4. My time as a Health Sciences Library intern
This year the Health Sciences Libraries got to host the amazing Emily Ramirez through the Step UP internship program, which trains and places high school youth in paid internships. Emily shared her intern experience in her own words through a photo journal. This post was the fist in the series, where Emily shares a few snapshots of glass bottles from the Wangensteen Historical Library’s infant feeding collection.
3. What’s new at the Wangensteen?
Our library collections are always growing, and the Wangensteen Historical Library of Biology and Medicine is no exception. But how do our curators decide what new purchases to select? Get a sneak peak at six books that the Wangensteen purchased in the last year, and learn more about our collection development mission.

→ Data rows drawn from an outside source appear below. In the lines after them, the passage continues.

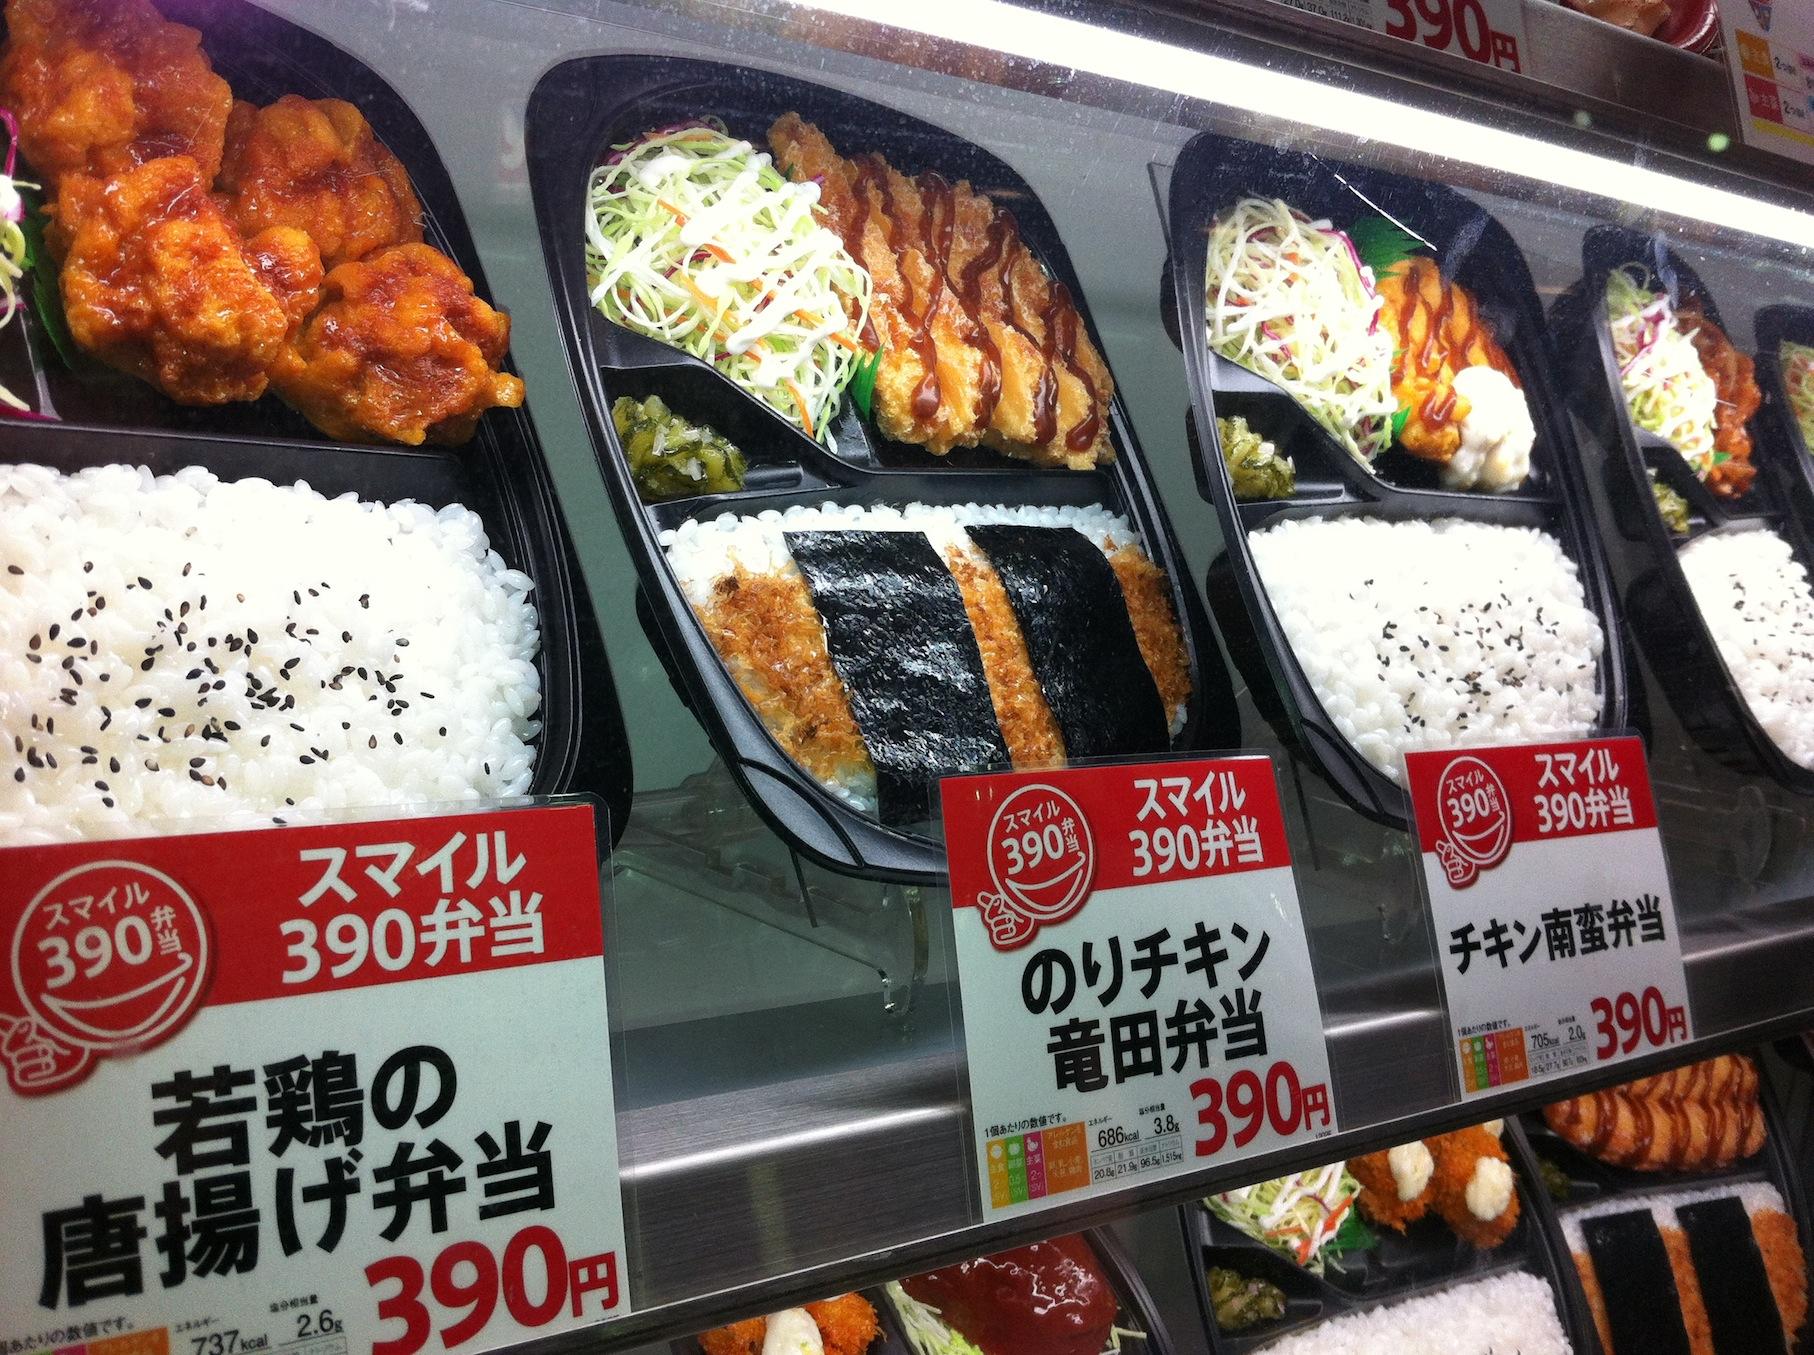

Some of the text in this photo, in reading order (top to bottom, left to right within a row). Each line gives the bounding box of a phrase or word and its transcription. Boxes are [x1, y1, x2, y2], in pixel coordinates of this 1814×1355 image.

[1133, 770, 1246, 822] スマイル
[1446, 769, 1484, 794] スマイル
[1534, 748, 1619, 788] スマイル
[1003, 799, 1060, 833] スマイル
[1447, 787, 1490, 828] 390
[1534, 785, 1635, 833] 390弁当
[299, 830, 527, 906] スマイル
[1001, 816, 1081, 875] 390 弁当
[1128, 816, 1264, 877] 390弁当
[43, 882, 150, 930] スマイル
[1449, 893, 1666, 975] チキン南蛮弁当
[37, 904, 183, 989] 390 弁当
[279, 890, 546, 985] 390弁当
[1021, 921, 1270, 1015] のりチキン
[1047, 987, 1268, 1093] 竜田弁当
[1590, 985, 1688, 1060] 390円
[151, 1044, 458, 1175] 若鶏の
[984, 1112, 1067, 1138] 1個あたりの数値です。
[1098, 1126, 1139, 1148] 686kcal
[1153, 1114, 1180, 1134] 3.8g
[1189, 1060, 1331, 1157] 390円
[38, 1120, 557, 1312] 唐揚げ弁当
[364, 1224, 621, 1355] 390円
[191, 1329, 268, 1355] 737kcal
[297, 1309, 344, 1338] 2.6g

2. UMN Student wins national award with Libraries’ help
The Health Sciences Library Virtual Reality (VR) Studio welcomed a cross-campus collaboration with the College of Design. The outcome? Design student Kim Than won a national award for her VR presentation of a retail store. The prize? A paid internship at the Kate Spade fashion house in New York City. “Our students have the cutting edge skills that they need” because of the Libraries’ Virtual Reality Studio, says Professor Juanjuan Wu. This collaboration is a perfect example of how the Health Sciences Libraries can open opportunities for interdisciplinary innovation.

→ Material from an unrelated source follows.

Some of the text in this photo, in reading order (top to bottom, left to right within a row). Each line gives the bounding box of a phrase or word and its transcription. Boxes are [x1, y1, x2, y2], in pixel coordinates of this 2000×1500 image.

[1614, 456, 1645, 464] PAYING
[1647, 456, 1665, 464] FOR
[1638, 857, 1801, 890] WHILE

1. Libraries play a key role in international dentistry exchange
Students of dentistry from Heidelberg University were introduced to the high-tech spaces in the Health Sciences Library and the history-rich learning environments in the Wangensteen Historical Library of Biology and Medicine. The visit inspired a new partnership within the School of Dentistry’s Dental Professional Development 1, led by course director Karin Quick in partnership with Dentistry Librarian Nicole Theis-Mahon. This work made a difference to the students, including Atlanta Roloff, DDS ’22, who said the exchange “opened my mind to the fact that there are so many ways to approach every situation, and the more ways I can learn, and the more people I can find to teach me their perspectives, the better dentist I will become.”